本课题主要采用辛几何理论的高频近似方法，求解凹面体散射中焦散区散射场的问题。在辛空间中建立几种典型具有焦散现象的模型，并在辛空间中计算出焦散区的场值。利用含参变量的付立叶逆变换把辛空间中焦散区的解变换到实际的物理空间中。本项目首次引入辛几何理论及辛算法来处理电磁场焦散区的问题，是一个值得探讨的新方法。

In high-frequency conditions, high-frequency approximation methods are applied to solve the electromagnetic wave equation. These methods, which are often used, are geometrical optics (G.O.) approximation, geometrical theory of diffraction (G.T.D.), physical optics (P.O.) approximation and etc. The solutions of the electromagnetic wave equation in the non-caustic region obtained by the methods are satisfactory. But the ones in the caustic region are not ideal. Some methods are not valid in the caustic region. So, it is very necessary to develop a new method for finding the solutions in the caustic region. In mathematical point of view, there is a singularity in the caustics in physical space, but the singularity is not a real one. In fact, the solutions of the electromagnetic wave equation are not singular. It is because the primarily simple expression of G.O. approximation is not suitable for the caustic region that the solutions are singular. In this project, a new symplectic geometrical high-frequency approximation is used.

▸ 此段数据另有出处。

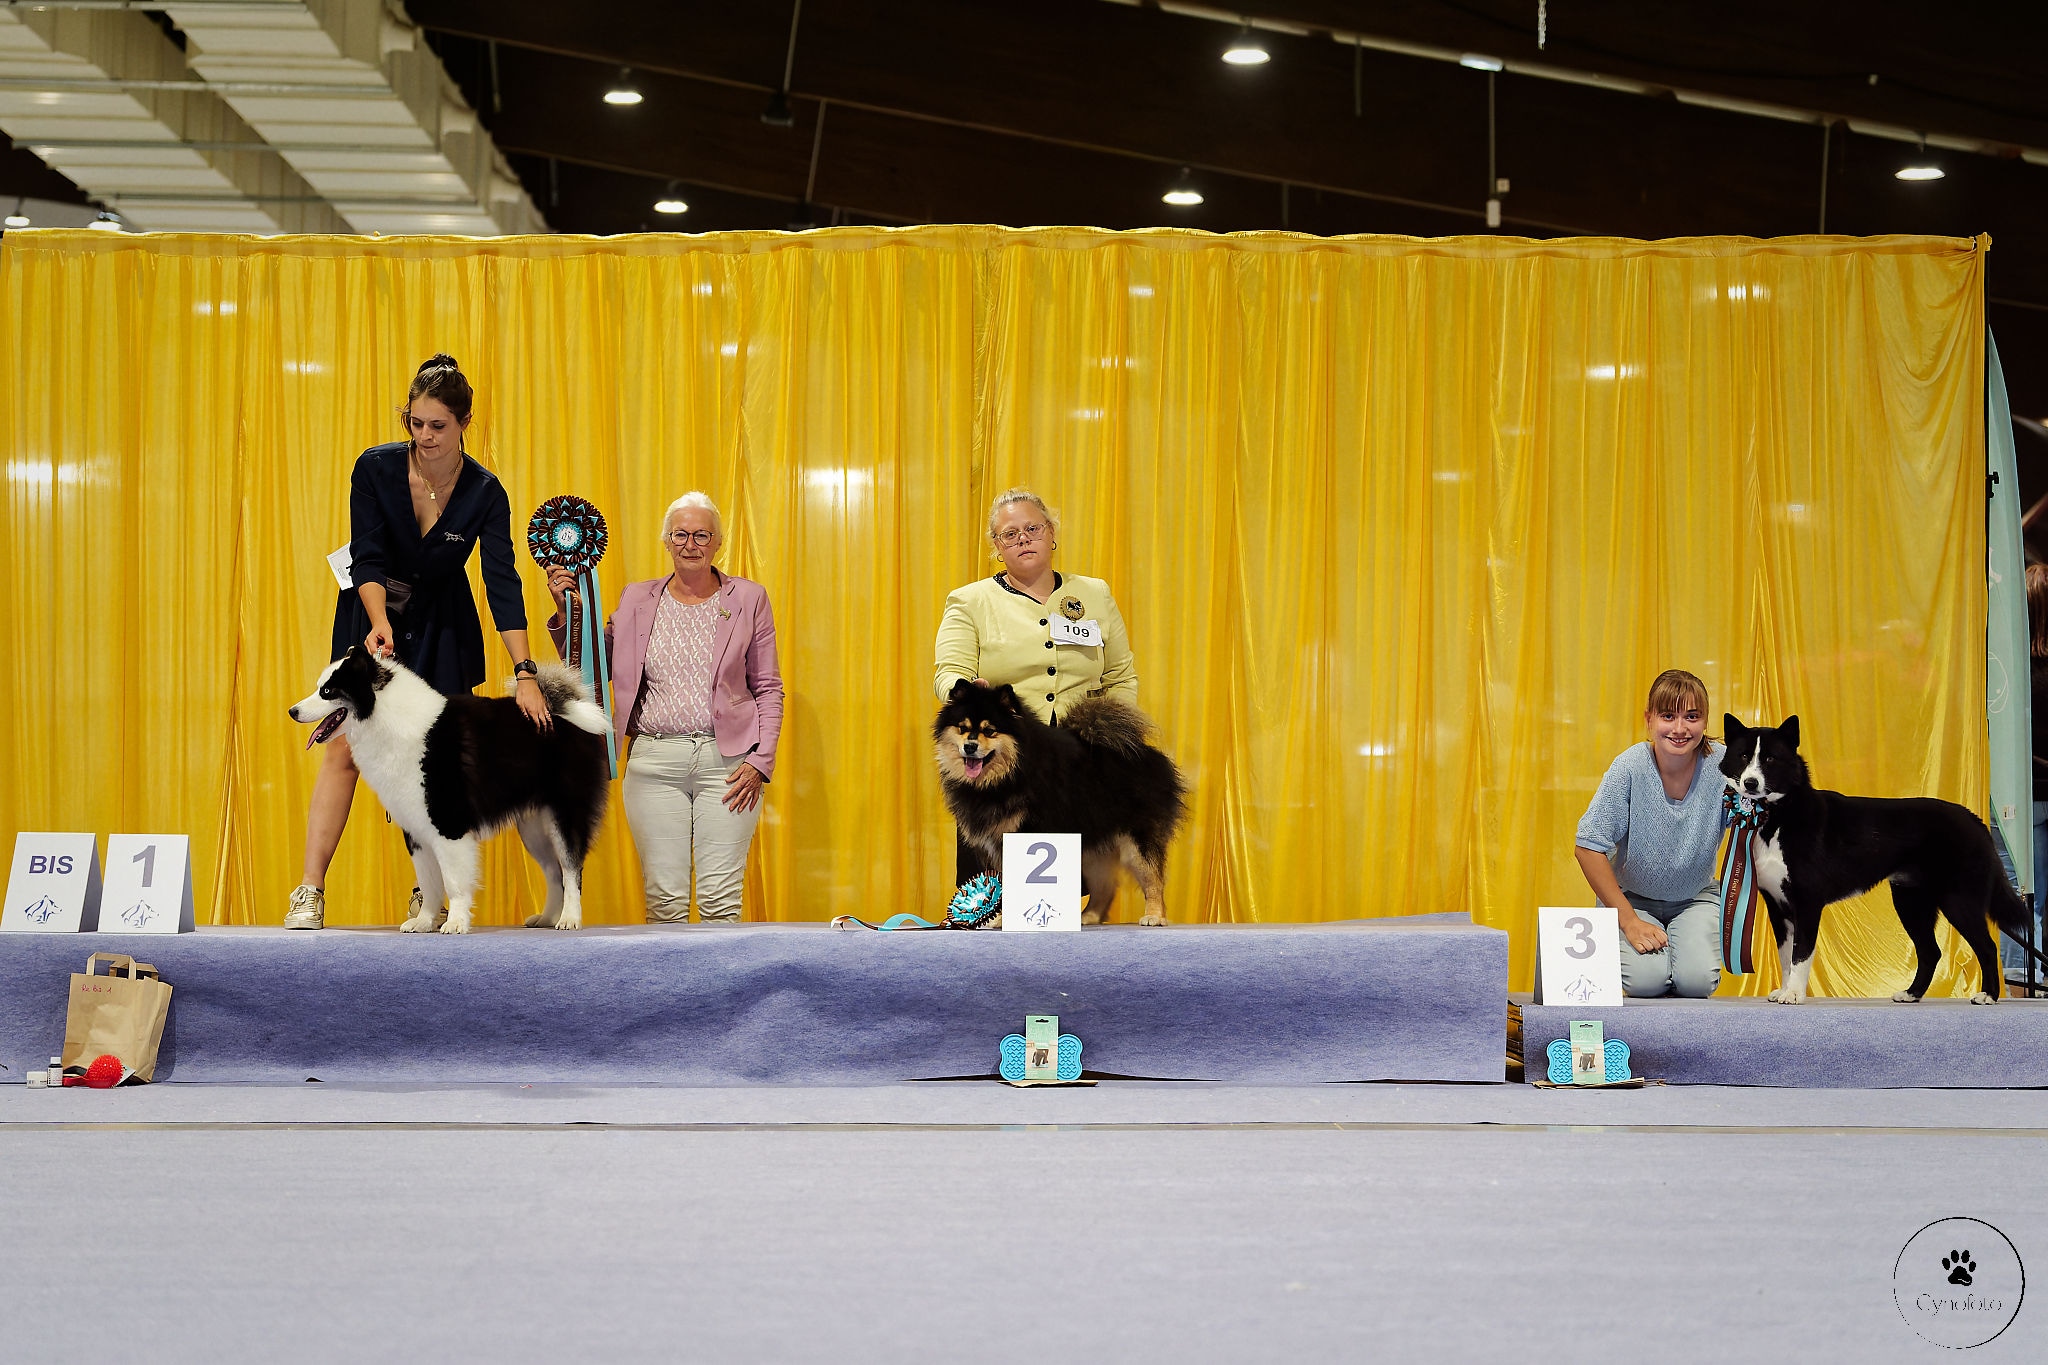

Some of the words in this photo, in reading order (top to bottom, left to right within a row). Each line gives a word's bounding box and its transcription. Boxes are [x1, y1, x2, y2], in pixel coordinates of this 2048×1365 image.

[572, 621, 580, 644] Show
[1064, 625, 1090, 638] 109
[28, 855, 74, 875] BIS
[132, 845, 157, 888] 1
[1025, 841, 1057, 884] 2
[1564, 917, 1597, 959] 3

We have made the following research work 1)Study on the geometrical high-frequency approximation theory. 2) Solution on electromagnetic wave propagation in a reflector by symplectic geometrical high-frequency approximation 3) Solving the propagation of electromagnetic wave in the inhomogeneous media Meanwhile, the method for extending the solutions obtained by to the shadow region is also presented. It proves to be satisfactory as well.The method deserves further research.